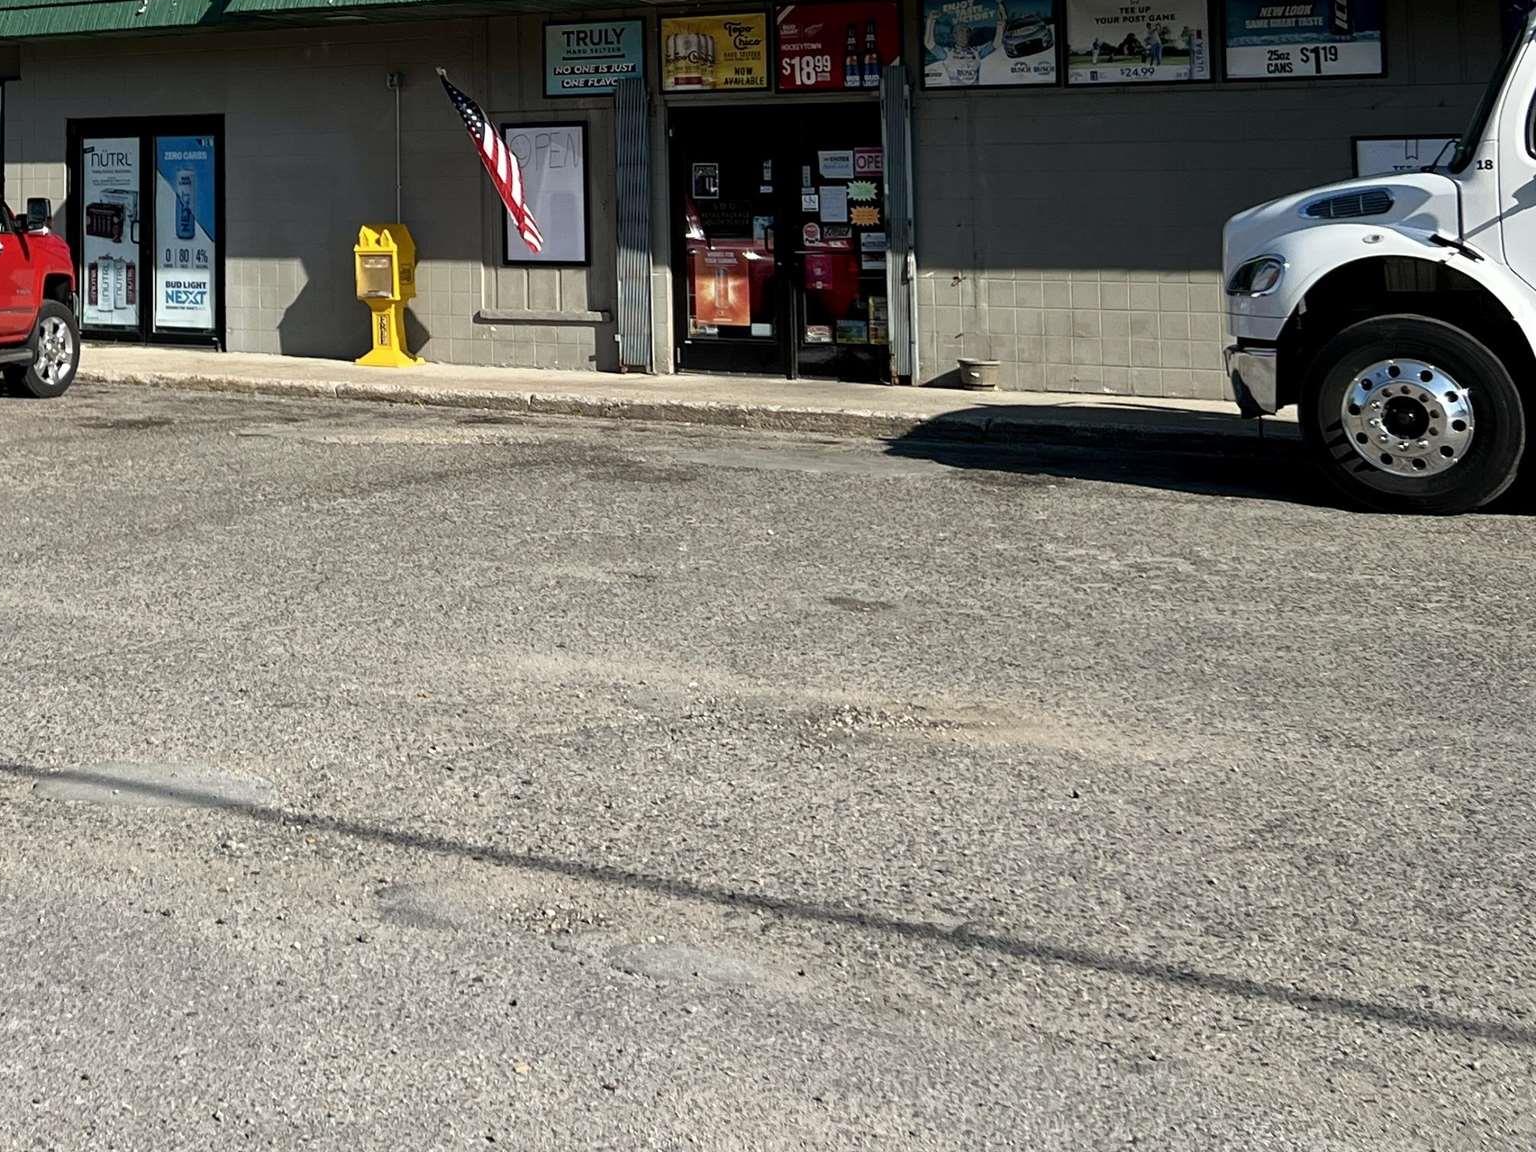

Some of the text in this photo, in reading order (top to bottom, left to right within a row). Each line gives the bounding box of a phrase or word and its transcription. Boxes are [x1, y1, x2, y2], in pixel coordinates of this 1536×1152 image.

[1119, 6, 1151, 15] TEE UP
[1285, 5, 1313, 16] LOOK
[1095, 13, 1176, 25] YOUR POST GAME
[724, 21, 752, 37] Topo
[562, 28, 625, 47] TRULY
[733, 33, 761, 50] Chico
[590, 46, 621, 54] SELTZER
[555, 63, 634, 75] NO ONE IS JUST
[735, 66, 753, 76] NOW
[1267, 62, 1294, 74] CANS
[563, 78, 585, 88] ONE
[724, 76, 764, 86] AVAILABLE
[510, 131, 580, 170] OPEN
[857, 155, 883, 169] OPE
[1476, 160, 1494, 170] 18
[165, 248, 208, 263] 0 80 4%
[165, 280, 207, 289] BUD LIGHT
[165, 290, 208, 305] NEXT
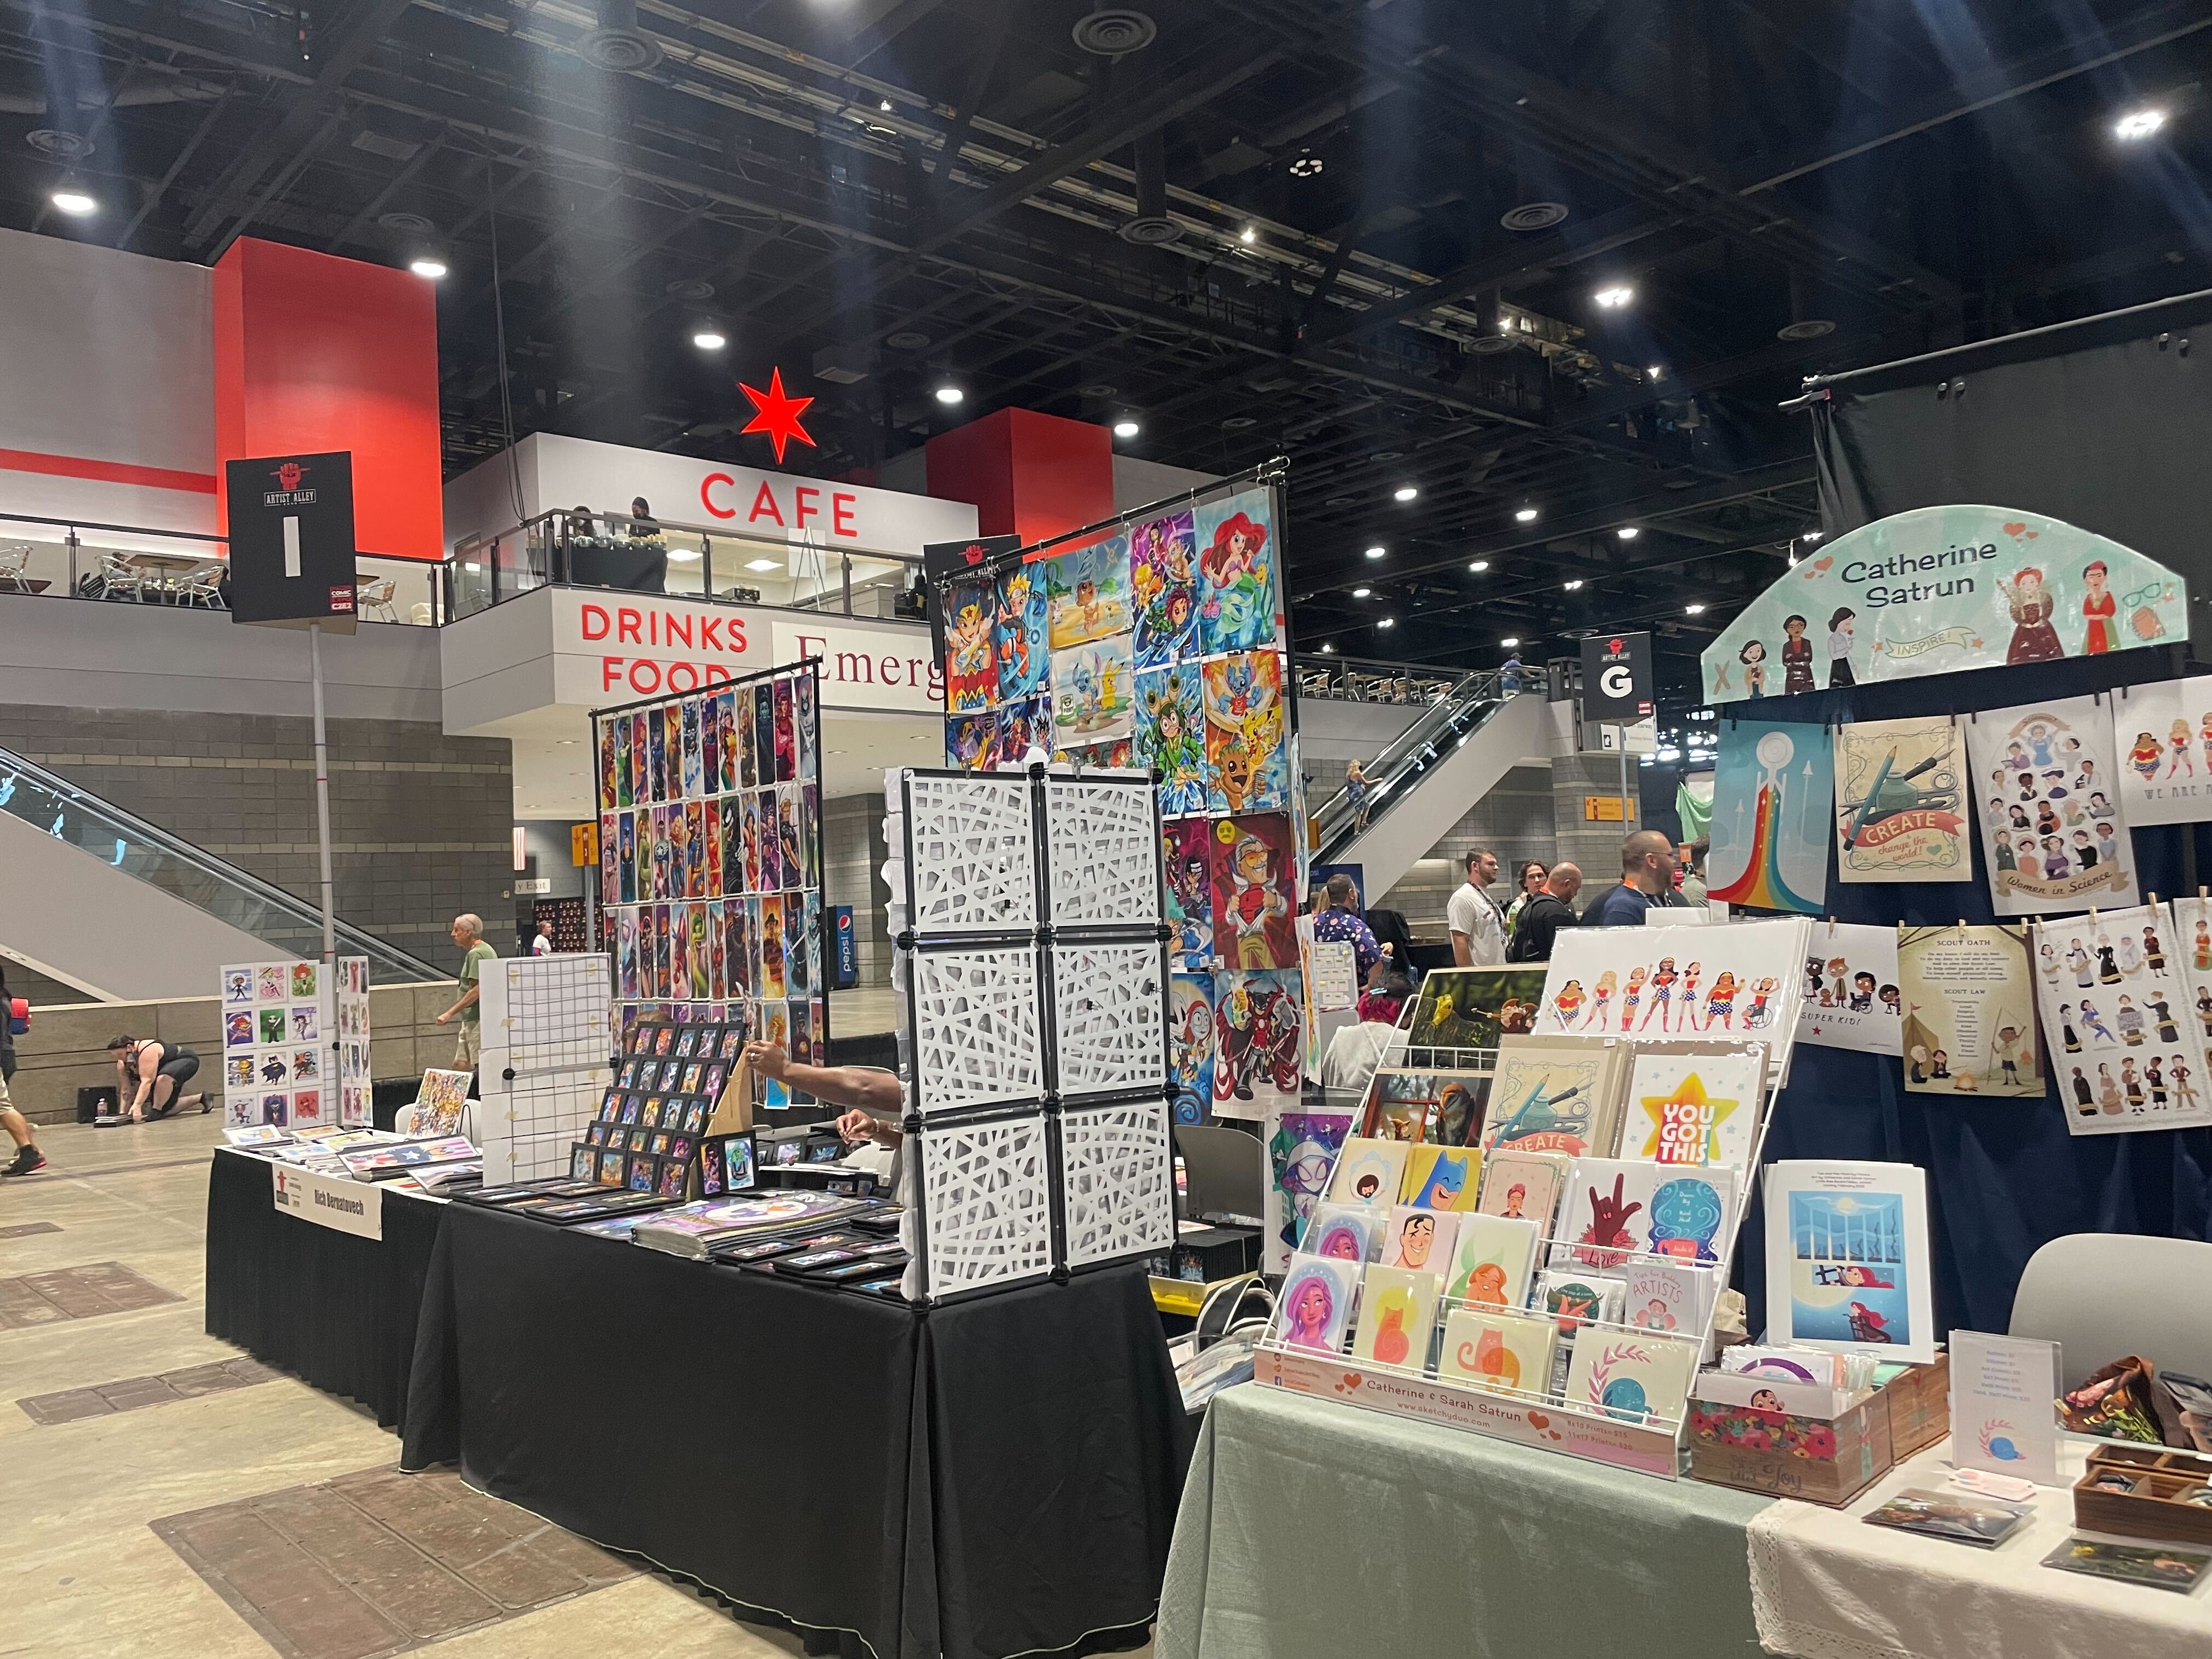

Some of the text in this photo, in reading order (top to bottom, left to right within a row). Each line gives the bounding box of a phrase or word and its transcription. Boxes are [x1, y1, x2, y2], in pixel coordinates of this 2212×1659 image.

[266, 491, 314, 504] ARTIST ALLEY
[701, 473, 857, 537] CAFE
[283, 516, 301, 577] I
[1841, 543, 1997, 583] Catherine
[1866, 577, 1974, 608] Satrun
[582, 605, 747, 653] DRINKS
[603, 656, 731, 697] FOOD
[1600, 665, 1633, 698] G
[2144, 788, 2163, 799] WE
[2172, 785, 2197, 797] ARE
[1865, 812, 1936, 844] CREATE
[1878, 836, 1928, 855] change the
[1893, 845, 1922, 861] world!
[526, 881, 546, 890] Exit
[2007, 871, 2112, 894] Women in Science
[841, 935, 851, 972] pepsi
[1801, 1012, 1833, 1023] SUPER
[1663, 1104, 1715, 1124] YOU
[1661, 1122, 1712, 1143] GOT
[1660, 1141, 1708, 1163] THIS
[1589, 1249, 1620, 1265] Love
[1633, 1280, 1683, 1304] ARTISTS
[1367, 1380, 1424, 1399] Catherine
[1440, 1395, 1474, 1411] Sarah
[1479, 1403, 1521, 1422] Satrun
[1568, 1431, 1588, 1441] 11x17
* * * * * * *
All of the data above is to be repeated exactly, with the pictures left out.

● Result of the exercise:
Some of the text in this photo, in reading order (top to bottom, left to right within a row). Each line gives the bounding box of a phrase or word and its transcription. Boxes are [x1, y1, x2, y2], in pixel coordinates of this 1536×1152 image.

[1119, 6, 1151, 15] TEE UP
[1285, 5, 1313, 16] LOOK
[1095, 13, 1176, 25] YOUR POST GAME
[724, 21, 752, 37] Topo
[562, 28, 625, 47] TRULY
[733, 33, 761, 50] Chico
[590, 46, 621, 54] SELTZER
[555, 63, 634, 75] NO ONE IS JUST
[735, 66, 753, 76] NOW
[1267, 62, 1294, 74] CANS
[563, 78, 585, 88] ONE
[724, 76, 764, 86] AVAILABLE
[510, 131, 580, 170] OPEN
[857, 155, 883, 169] OPE
[1476, 160, 1494, 170] 18
[165, 248, 208, 263] 0 80 4%
[165, 280, 207, 289] BUD LIGHT
[165, 290, 208, 305] NEXT

Some of the text in this photo, in reading order (top to bottom, left to right within a row). Each line gives the bounding box of a phrase or word and its transcription. Boxes are [x1, y1, x2, y2], in pixel coordinates of this 2212×1659 image.

[266, 491, 314, 504] ARTIST ALLEY
[701, 473, 857, 537] CAFE
[283, 516, 301, 577] I
[1841, 543, 1997, 583] Catherine
[1866, 577, 1974, 608] Satrun
[582, 605, 747, 653] DRINKS
[603, 656, 731, 697] FOOD
[1600, 665, 1633, 698] G
[2144, 788, 2163, 799] WE
[2172, 785, 2197, 797] ARE
[1865, 812, 1936, 844] CREATE
[1878, 836, 1928, 855] change the
[1893, 845, 1922, 861] world!
[526, 881, 546, 890] Exit
[2007, 871, 2112, 894] Women in Science
[841, 935, 851, 972] pepsi
[1801, 1012, 1833, 1023] SUPER
[1663, 1104, 1715, 1124] YOU
[1661, 1122, 1712, 1143] GOT
[1660, 1141, 1708, 1163] THIS
[1589, 1249, 1620, 1265] Love
[1633, 1280, 1683, 1304] ARTISTS
[1367, 1380, 1424, 1399] Catherine
[1440, 1395, 1474, 1411] Sarah
[1479, 1403, 1521, 1422] Satrun
[1568, 1431, 1588, 1441] 11x17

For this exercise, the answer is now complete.